What to work on — The full listing, copied exactly, is the required output.

Recorded data —
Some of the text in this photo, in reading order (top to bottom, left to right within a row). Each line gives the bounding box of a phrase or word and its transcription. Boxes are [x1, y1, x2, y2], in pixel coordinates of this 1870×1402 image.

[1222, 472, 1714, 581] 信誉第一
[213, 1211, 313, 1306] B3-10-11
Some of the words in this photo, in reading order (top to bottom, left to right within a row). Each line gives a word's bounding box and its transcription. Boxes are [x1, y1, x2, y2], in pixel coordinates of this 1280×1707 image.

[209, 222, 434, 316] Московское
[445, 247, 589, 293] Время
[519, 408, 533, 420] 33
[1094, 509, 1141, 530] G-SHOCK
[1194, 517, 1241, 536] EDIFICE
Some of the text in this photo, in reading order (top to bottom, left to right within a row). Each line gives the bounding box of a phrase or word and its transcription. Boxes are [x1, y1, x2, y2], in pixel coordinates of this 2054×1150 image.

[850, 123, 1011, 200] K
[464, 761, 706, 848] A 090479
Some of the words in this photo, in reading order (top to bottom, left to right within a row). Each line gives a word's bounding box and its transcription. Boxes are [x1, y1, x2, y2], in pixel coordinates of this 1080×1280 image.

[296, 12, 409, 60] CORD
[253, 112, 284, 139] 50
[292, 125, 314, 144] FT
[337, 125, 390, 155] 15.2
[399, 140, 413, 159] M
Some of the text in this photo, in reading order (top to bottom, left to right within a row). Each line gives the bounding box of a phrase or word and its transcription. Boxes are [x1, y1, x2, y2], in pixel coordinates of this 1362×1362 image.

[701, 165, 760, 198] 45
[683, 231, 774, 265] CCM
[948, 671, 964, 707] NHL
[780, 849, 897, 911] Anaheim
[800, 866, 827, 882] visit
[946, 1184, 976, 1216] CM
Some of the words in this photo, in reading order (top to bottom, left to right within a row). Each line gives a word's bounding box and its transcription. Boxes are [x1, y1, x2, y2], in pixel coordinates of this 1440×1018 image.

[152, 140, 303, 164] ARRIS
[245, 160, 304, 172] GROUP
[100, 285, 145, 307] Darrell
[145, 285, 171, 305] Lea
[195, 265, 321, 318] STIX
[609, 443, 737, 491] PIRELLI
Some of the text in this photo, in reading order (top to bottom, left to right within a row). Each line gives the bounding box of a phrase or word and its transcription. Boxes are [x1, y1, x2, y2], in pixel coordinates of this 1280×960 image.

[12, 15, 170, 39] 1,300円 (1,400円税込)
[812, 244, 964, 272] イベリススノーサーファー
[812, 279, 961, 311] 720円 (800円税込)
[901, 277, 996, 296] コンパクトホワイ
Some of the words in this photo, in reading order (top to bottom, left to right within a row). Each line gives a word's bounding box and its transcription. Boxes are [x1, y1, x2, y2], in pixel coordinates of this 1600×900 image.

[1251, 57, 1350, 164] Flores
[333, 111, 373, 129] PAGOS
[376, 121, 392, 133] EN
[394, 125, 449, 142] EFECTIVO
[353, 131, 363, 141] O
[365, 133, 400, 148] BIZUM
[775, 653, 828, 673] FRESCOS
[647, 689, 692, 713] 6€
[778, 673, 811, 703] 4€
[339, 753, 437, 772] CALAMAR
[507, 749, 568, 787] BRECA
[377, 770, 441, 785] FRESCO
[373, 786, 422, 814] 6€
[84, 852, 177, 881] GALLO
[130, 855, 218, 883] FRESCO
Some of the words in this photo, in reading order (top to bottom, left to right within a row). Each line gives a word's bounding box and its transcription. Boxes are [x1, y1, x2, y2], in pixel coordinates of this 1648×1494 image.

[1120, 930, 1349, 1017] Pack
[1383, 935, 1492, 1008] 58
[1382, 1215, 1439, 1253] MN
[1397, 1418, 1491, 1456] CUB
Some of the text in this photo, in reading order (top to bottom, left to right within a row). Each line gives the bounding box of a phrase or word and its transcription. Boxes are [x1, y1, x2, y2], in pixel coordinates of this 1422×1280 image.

Answer to the exercise —
Some of the text in this photo, in reading order (top to bottom, left to right within a row). Each line gives the bounding box of a phrase or word and its transcription. Boxes are [x1, y1, x2, y2], in pixel coordinates of this 1870×1402 image.

[1222, 472, 1714, 581] 信誉第一
[213, 1211, 313, 1306] B3-10-11
Some of the words in this photo, in reading order (top to bottom, left to right within a row). Each line gives a word's bounding box and its transcription. Boxes are [x1, y1, x2, y2], in pixel coordinates of this 1280×1707 image.

[209, 222, 434, 316] Московское
[445, 247, 589, 293] Время
[519, 408, 533, 420] 33
[1094, 509, 1141, 530] G-SHOCK
[1194, 517, 1241, 536] EDIFICE
Some of the text in this photo, in reading order (top to bottom, left to right within a row). Each line gives the bounding box of a phrase or word and its transcription. Boxes are [x1, y1, x2, y2], in pixel coordinates of this 2054×1150 image.

[850, 123, 1011, 200] K
[464, 761, 706, 848] A 090479
Some of the words in this photo, in reading order (top to bottom, left to right within a row). Each line gives a word's bounding box and its transcription. Boxes are [x1, y1, x2, y2], in pixel coordinates of this 1080×1280 image.

[296, 12, 409, 60] CORD
[253, 112, 284, 139] 50
[292, 125, 314, 144] FT
[337, 125, 390, 155] 15.2
[399, 140, 413, 159] M
Some of the text in this photo, in reading order (top to bottom, left to right within a row). Each line gives the bounding box of a phrase or word and its transcription. Boxes are [x1, y1, x2, y2], in pixel coordinates of this 1362×1362 image.

[701, 165, 760, 198] 45
[683, 231, 774, 265] CCM
[948, 671, 964, 707] NHL
[780, 849, 897, 911] Anaheim
[800, 866, 827, 882] visit
[946, 1184, 976, 1216] CM
Some of the words in this photo, in reading order (top to bottom, left to right within a row). Each line gives a word's bounding box and its transcription. Boxes are [x1, y1, x2, y2], in pixel coordinates of this 1440×1018 image.

[152, 140, 303, 164] ARRIS
[245, 160, 304, 172] GROUP
[100, 285, 145, 307] Darrell
[145, 285, 171, 305] Lea
[195, 265, 321, 318] STIX
[609, 443, 737, 491] PIRELLI
Some of the text in this photo, in reading order (top to bottom, left to right within a row). Each line gives the bounding box of a phrase or word and its transcription. Boxes are [x1, y1, x2, y2], in pixel coordinates of this 1280×960 image.

[12, 15, 170, 39] 1,300円 (1,400円税込)
[812, 244, 964, 272] イベリススノーサーファー
[812, 279, 961, 311] 720円 (800円税込)
[901, 277, 996, 296] コンパクトホワイ
Some of the words in this photo, in reading order (top to bottom, left to right within a row). Each line gives a word's bounding box and its transcription. Boxes are [x1, y1, x2, y2], in pixel coordinates of this 1600×900 image.

[1251, 57, 1350, 164] Flores
[333, 111, 373, 129] PAGOS
[376, 121, 392, 133] EN
[394, 125, 449, 142] EFECTIVO
[353, 131, 363, 141] O
[365, 133, 400, 148] BIZUM
[775, 653, 828, 673] FRESCOS
[647, 689, 692, 713] 6€
[778, 673, 811, 703] 4€
[339, 753, 437, 772] CALAMAR
[507, 749, 568, 787] BRECA
[377, 770, 441, 785] FRESCO
[373, 786, 422, 814] 6€
[84, 852, 177, 881] GALLO
[130, 855, 218, 883] FRESCO
Some of the words in this photo, in reading order (top to bottom, left to right within a row). Each line gives a word's bounding box and its transcription. Boxes are [x1, y1, x2, y2], in pixel coordinates of this 1648×1494 image.

[1120, 930, 1349, 1017] Pack
[1383, 935, 1492, 1008] 58
[1382, 1215, 1439, 1253] MN
[1397, 1418, 1491, 1456] CUB
Some of the text in this photo, in reading order (top to bottom, left to right within a row). Each line gives the bounding box of a phrase or word and its transcription. Boxes are [x1, y1, x2, y2], in pixel coordinates of this 1422×1280 image.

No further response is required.